■ **Try it**
Output each record verbatim, with pictures left out.

--- Data excerpts Enclosed Below ---

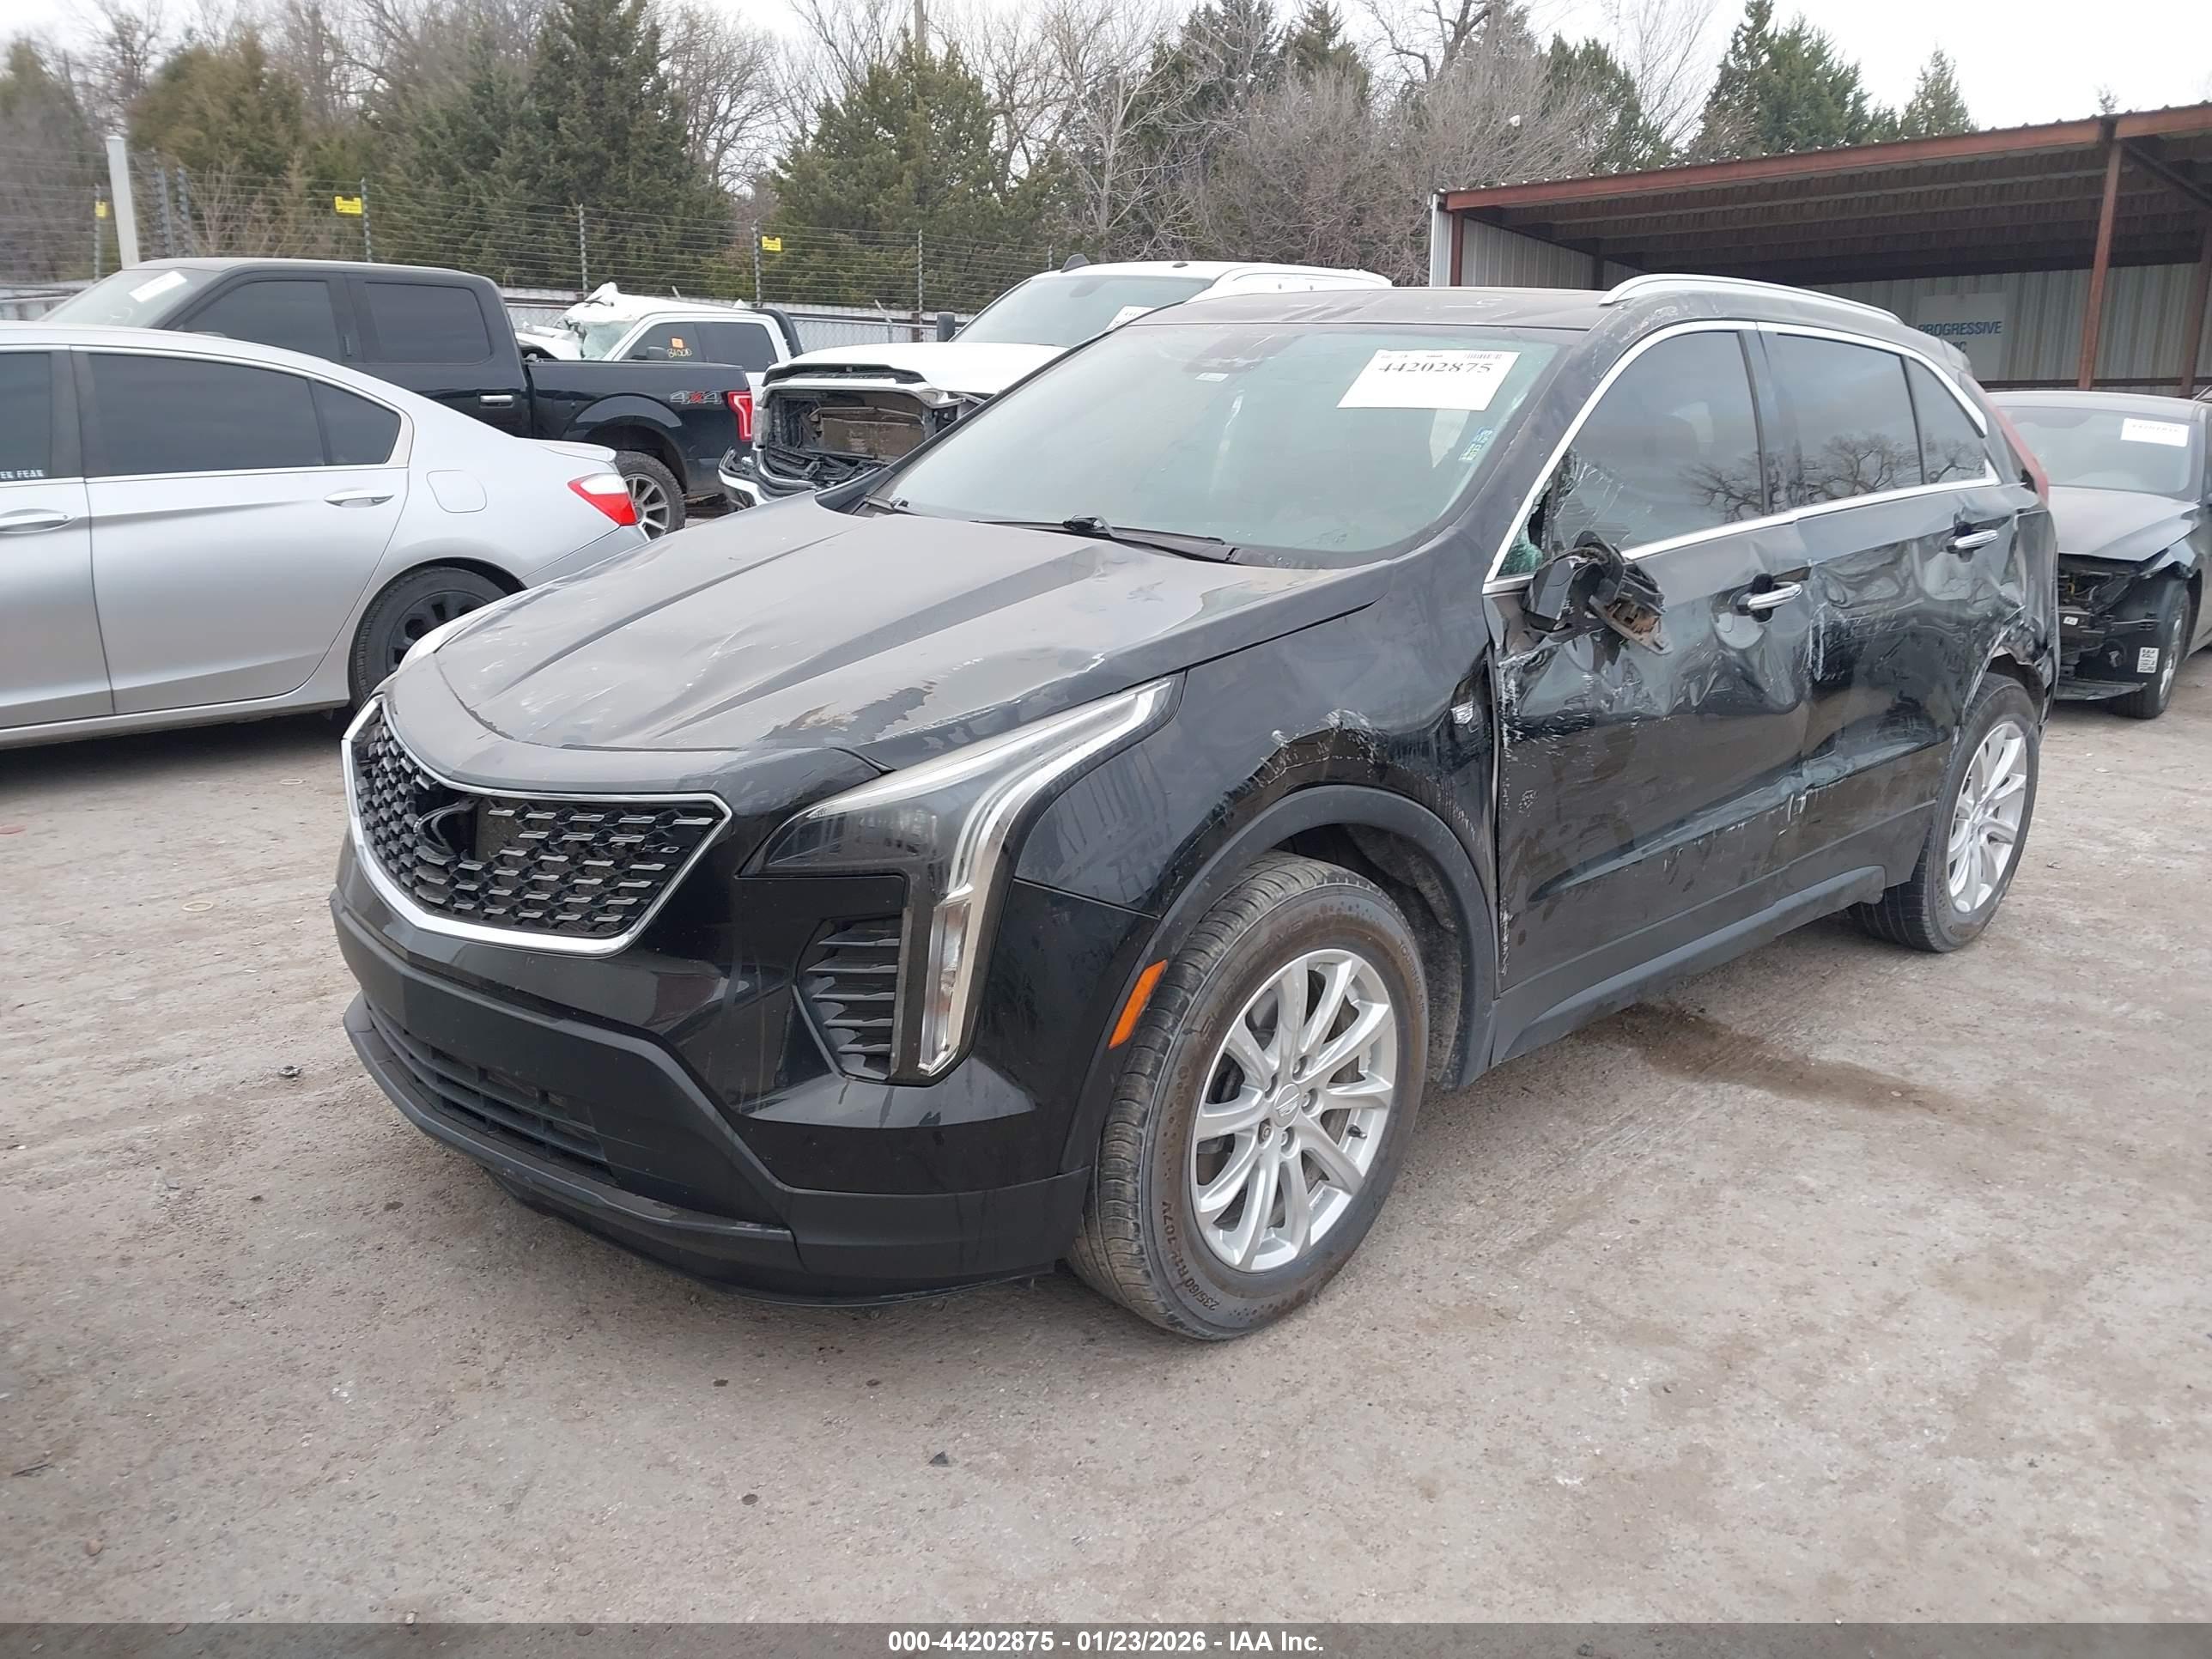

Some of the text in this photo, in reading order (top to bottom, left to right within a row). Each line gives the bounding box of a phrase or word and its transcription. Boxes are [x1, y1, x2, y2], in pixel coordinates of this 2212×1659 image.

[1917, 321, 2002, 337] PROGRESSIVE
[1378, 362, 1494, 373] 44202875
[1161, 1200, 1177, 1245] 107V
[1184, 1277, 1220, 1311] 235/60

--- End of Enclosed Data excerpts ---

■ **Output for this task**
Some of the text in this photo, in reading order (top to bottom, left to right within a row). Each line gives the bounding box of a phrase or word and its transcription. Boxes are [x1, y1, x2, y2], in pixel coordinates of this 2212×1659 image.

[1917, 321, 2002, 337] PROGRESSIVE
[1378, 362, 1494, 373] 44202875
[1161, 1200, 1177, 1245] 107V
[1184, 1277, 1220, 1311] 235/60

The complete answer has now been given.